Engineering Contradictions & Design Principles
Engineering Contradiction Analysis
1Loss of information
If microscope images containing sensitive information are shared for training machine learning programs, then the quality and comprehensiveness of training data is improved, but data privacy and confidentiality are compromised
Solution Approach 1:
The patent extracts and removes sensitive information (such as patient identifiers, sample labels, and metadata) from microscope images while preserving the remaining image content. This extraction process separates useful training data from harmful sensitive information, allowing the images to be shared for machine learning training without compromising privacy.
Solution Approach 2:
The patent applies different processing treatments to different regions of the image: sensitive information regions are anonymized or removed, while non-sensitive regions retain their original quality and detail. This local differentiation allows maximum preservation of useful image data while eliminating privacy risks in specific sensitive areas.
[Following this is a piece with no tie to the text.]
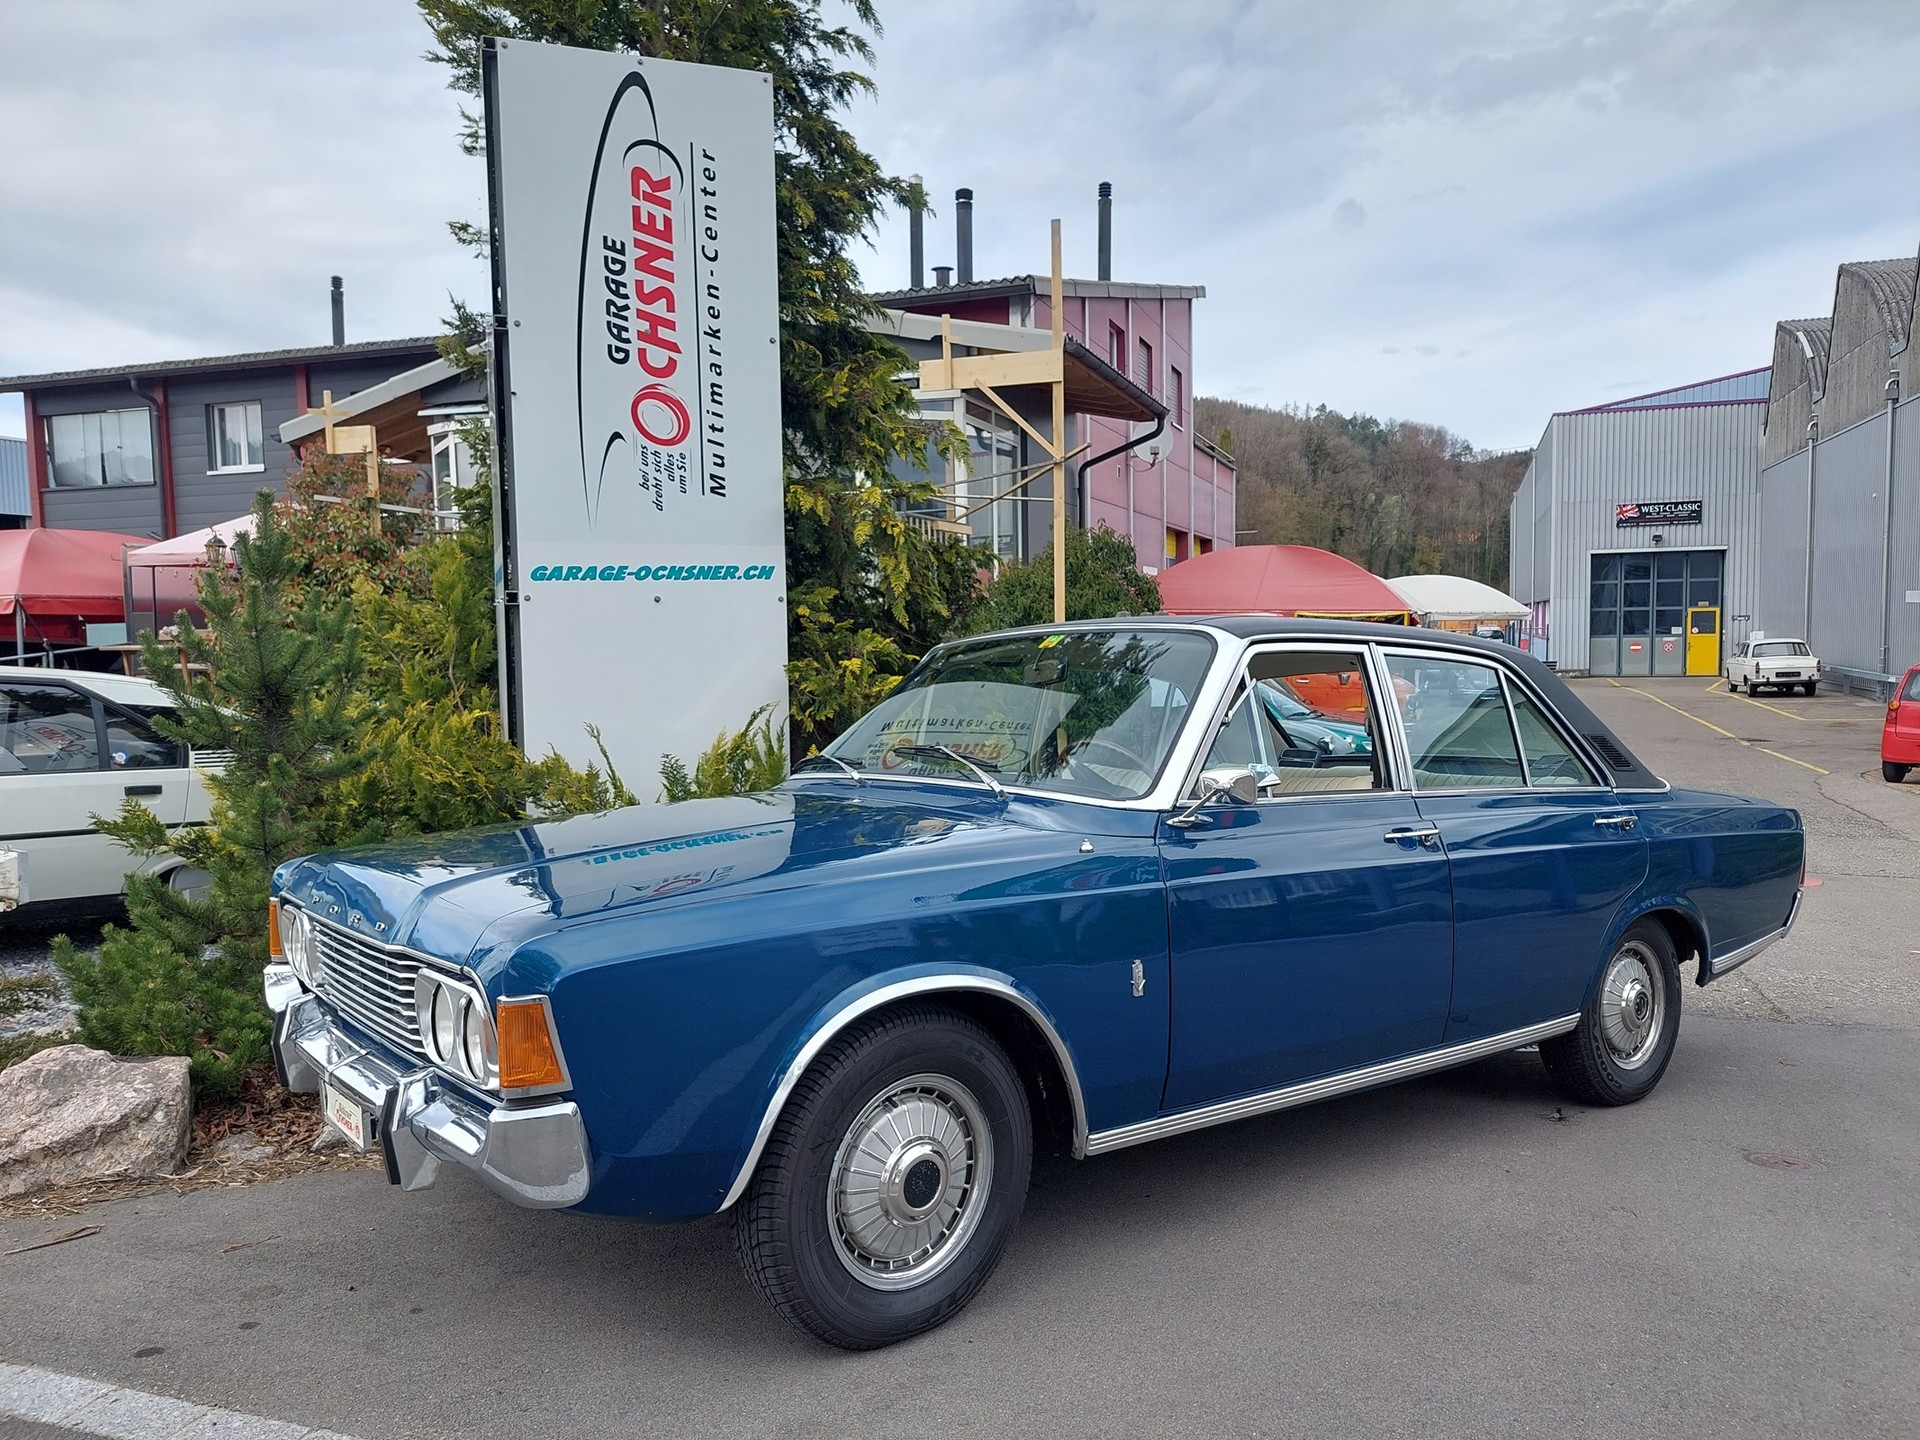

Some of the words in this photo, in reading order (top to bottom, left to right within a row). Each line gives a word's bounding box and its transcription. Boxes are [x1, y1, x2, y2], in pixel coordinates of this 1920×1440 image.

2Object-affected harmful factors
If sensitive information is completely removed from microscope images through manual editing, then data privacy is protected, but the efficiency and scalability of image processing is reduced
Solution Approach 1:
The patent replaces manual mechanical editing processes with automated computational methods. Machine learning algorithms and image processing software automatically identify, classify, and anonymize sensitive information in microscope images, eliminating the need for time-consuming manual review and editing while maintaining high privacy protection standards.
Solution Approach 2:
The system enables self-service automated anonymization where the image processing program autonomously identifies sensitive information and applies appropriate anonymization techniques without requiring continuous human intervention. This self-acting system dramatically improves processing efficiency while maintaining consistent privacy protection.
3Loss of information
If comprehensive training data from multiple sources is collected, then the performance of machine learning programs is improved, but the complexity of data management and coordination increases
Solution Approach 1:
The patent creates a universal anonymization framework that can process microscope images from multiple different sources and institutions using a single standardized approach. The system handles various types of sensitive information (patient data, sample identifiers, institutional metadata) through unified processing protocols, enabling seamless aggregation of training data from diverse sources without increasing management complexity.
Data Source
AI summary
A method for processing microscope images comprises: acquiring a microscope image captured by a microscope; identifying at least one image section with sensitive information within the microscope image by means of an image processing program which uses provided reference information regarding sensitive information; rendering unrecognizable the at least one identified image section with sensitive information in order to generate an anonymized image; and outputting the anonymized image.